* [Task brief]: Transcribe the listing below word for word but skip its images.

=== Supplied material ===

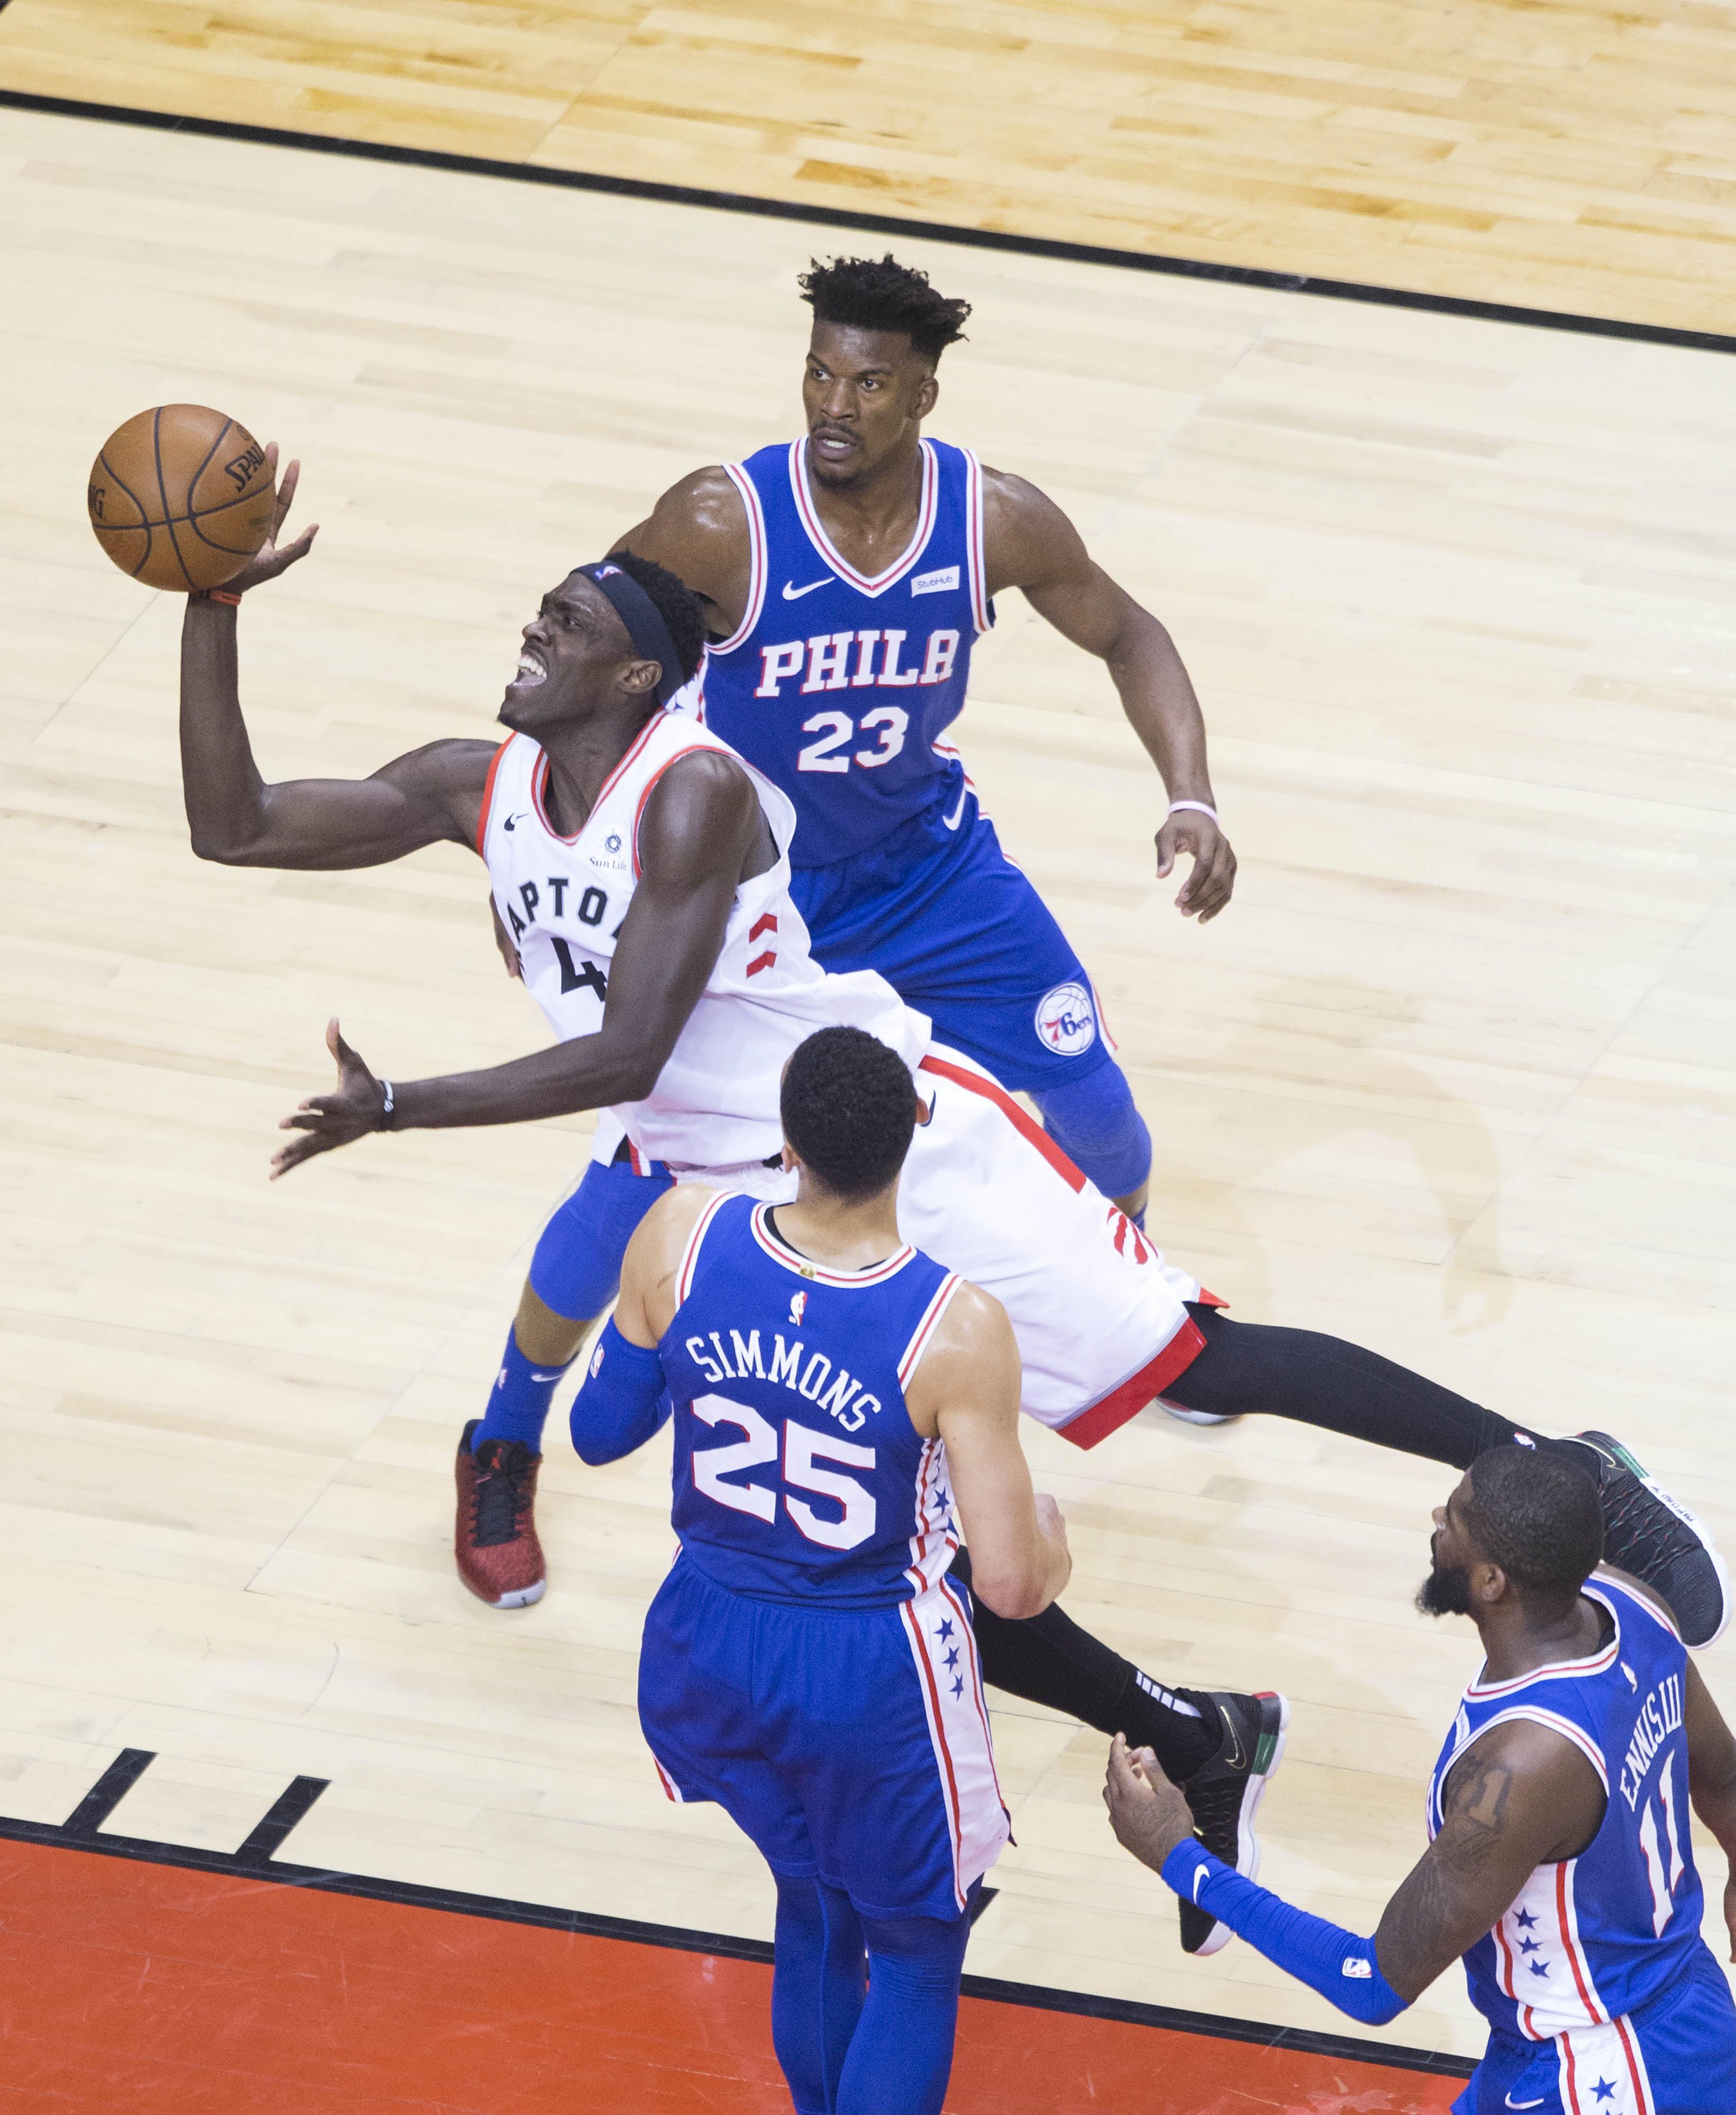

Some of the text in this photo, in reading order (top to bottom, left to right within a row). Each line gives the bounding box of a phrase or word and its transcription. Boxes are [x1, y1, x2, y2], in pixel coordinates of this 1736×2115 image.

[917, 575, 953, 589] StubHub
[753, 629, 960, 698] PHILA
[796, 706, 909, 773] 23
[590, 857, 627, 871] Sun Life
[550, 937, 608, 1002] 4
[686, 1330, 881, 1432] SIMMONS
[691, 1393, 876, 1550] 25
[1620, 1691, 1665, 1812] ENNIS
[1639, 1750, 1685, 1939] 11
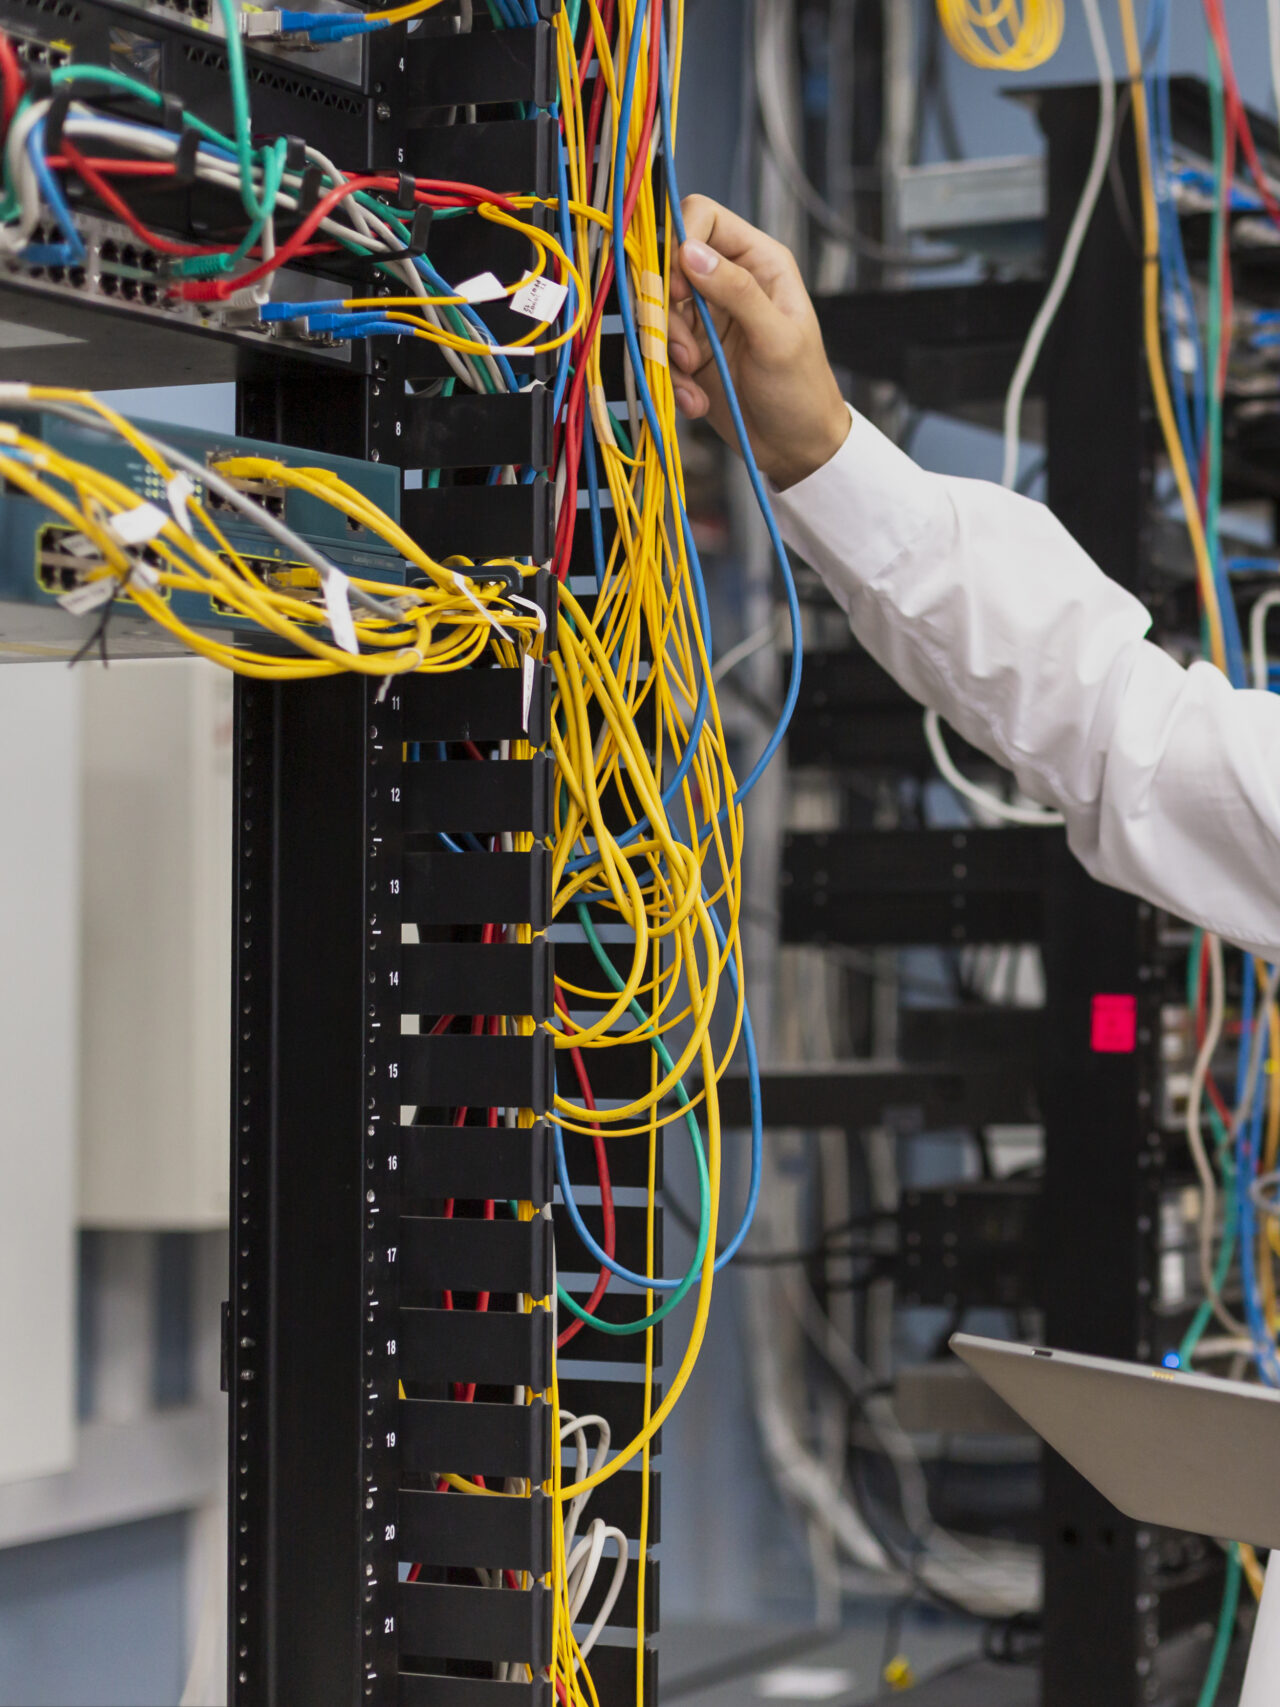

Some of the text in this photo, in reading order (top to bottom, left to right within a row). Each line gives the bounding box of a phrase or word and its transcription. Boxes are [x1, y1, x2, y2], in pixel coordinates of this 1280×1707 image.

[398, 57, 405, 72] 4
[397, 148, 404, 163] 5
[395, 421, 402, 437] 8
[391, 696, 400, 711] 11
[390, 787, 401, 803] 12
[389, 879, 400, 895] 13
[388, 970, 399, 986] 14
[388, 1062, 398, 1079] 15
[387, 1154, 398, 1171] 16
[386, 1247, 397, 1263] 17
[385, 1339, 396, 1356] 18
[385, 1431, 396, 1448] 19
[384, 1523, 395, 1541] 20
[384, 1616, 394, 1634] 21

===

* [Output for this exercise]:
Some of the text in this photo, in reading order (top to bottom, left to right within a row). Each line gives the bounding box of a phrase or word and its transcription. Boxes are [x1, y1, x2, y2], in pixel coordinates of this 1736×2115 image.

[917, 575, 953, 589] StubHub
[753, 629, 960, 698] PHILA
[796, 706, 909, 773] 23
[590, 857, 627, 871] Sun Life
[550, 937, 608, 1002] 4
[686, 1330, 881, 1432] SIMMONS
[691, 1393, 876, 1550] 25
[1620, 1691, 1665, 1812] ENNIS
[1639, 1750, 1685, 1939] 11

Some of the text in this photo, in reading order (top to bottom, left to right within a row). Each line gives the bounding box of a phrase or word and its transcription. Boxes are [x1, y1, x2, y2], in pixel coordinates of this 1280×1707 image.

[398, 57, 405, 72] 4
[397, 148, 404, 163] 5
[395, 421, 402, 437] 8
[391, 696, 400, 711] 11
[390, 787, 401, 803] 12
[389, 879, 400, 895] 13
[388, 970, 399, 986] 14
[388, 1062, 398, 1079] 15
[387, 1154, 398, 1171] 16
[386, 1247, 397, 1263] 17
[385, 1339, 396, 1356] 18
[385, 1431, 396, 1448] 19
[384, 1523, 395, 1541] 20
[384, 1616, 394, 1634] 21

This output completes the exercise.